Entries in Murakami (2)
dying the non-death
Since the sun barely shone on the East Coast during the month of June, I got a lot of reading done. I noticed an interesting phenomenon in the books I'd chosen: the non-death.
In Stern Men, a novel by Elizabeth Gilbert, Jane Smith-Ellis is sitting on a rock on the Maine coast, knitting and enjoying a moment away from her demanding mistress and her small child. Just as an envoy from the main house calls to Jane to return to her mistress, a huge wave breaks over the rock where she is sitting and she is washed away, never to be seen again.
In The Baron in the Trees by Italo Calvino, the baron, Cosimo, lives and loves and organizes his people from the trees. Eventually, he grows old and sick. One morning, the townspeople notice he has climbed to the very top of one of the trees and is looking out over the tops of the olives and oaks in which he has spent his life living. Suddenly a hot air balloon floats by, with a long rope dangling from its basket. Cosimo grabs the rope and is carried off, as if he'd been waiting for a ride.

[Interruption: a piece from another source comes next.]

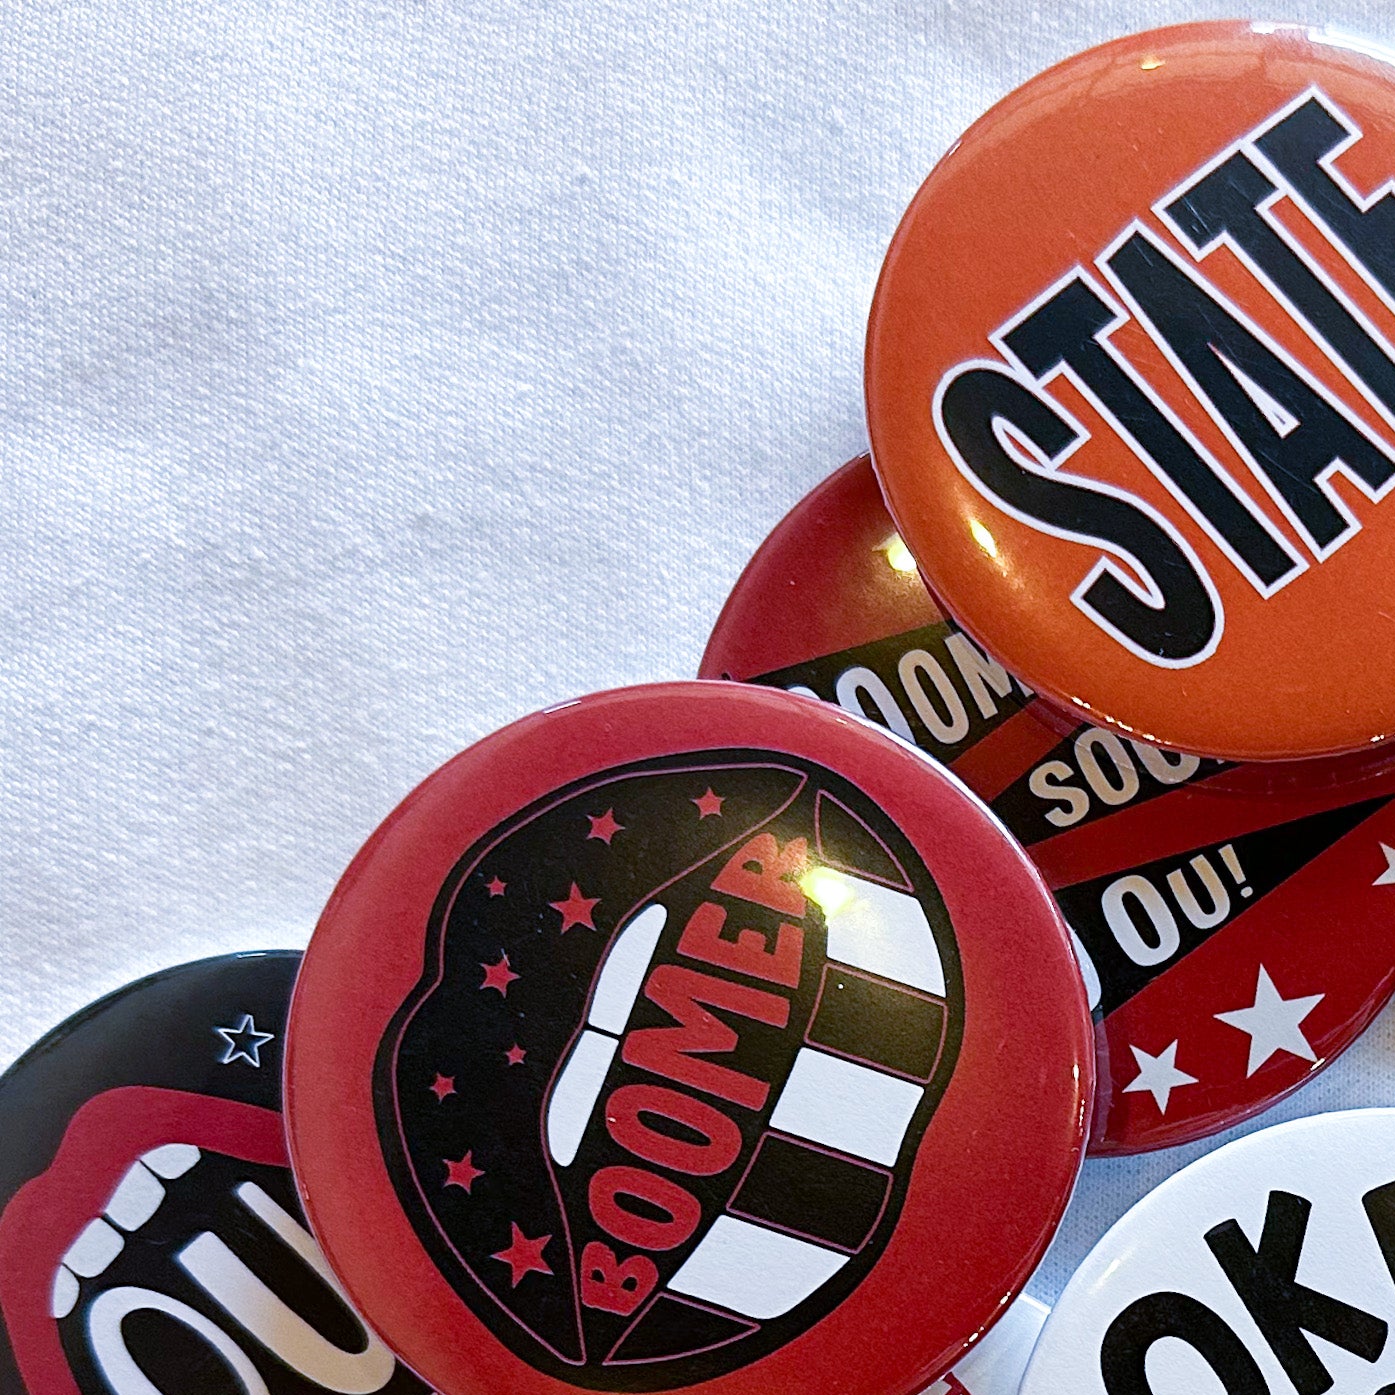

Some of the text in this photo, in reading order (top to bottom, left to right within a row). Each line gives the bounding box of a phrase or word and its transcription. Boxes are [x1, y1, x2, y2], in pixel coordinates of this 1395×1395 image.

[787, 632, 1034, 745] OOM
[1029, 727, 1225, 827] SOO
[1101, 844, 1254, 967] OU!
[580, 832, 808, 1318] BOOMER

In Haruki Murakami's Sputnick Sweetheart, the spunky main character, Sumire, simply vanishes, "up in smoke," while visiting Greece with her employer (who also happens to be the woman with whom she is in love). She just disappears, and although it's not clear that she's actually dead, she never appears in reality again.
And so this question occured to me: is a dramatic, silent passing from the visible realm better than a slow demise in a hospital bed or a violent, vengeful death (like Anna Karenina's)? Perhaps, on some level, we all wish to be carried away to the sea or into the air, as if we were never really there at all.
books.
I just started reading Sputnick Sweetheart by Haruki Murakami. I've talked about this book, and about its author (perhaps more about its author) with many people over the years and even in the last week. As my eyes scanned the first sentences, I thought of all my friends and co-workers and even enemies who have read those same words and how, suddenly, I was in the same place they'd all been. This book, and all books, will have its own meaning for me and will affect my thoughts in a unique way, but it will be a shared experience, like visiting a landmark or going to a party. Each page is like a step taken on a well-traveled path.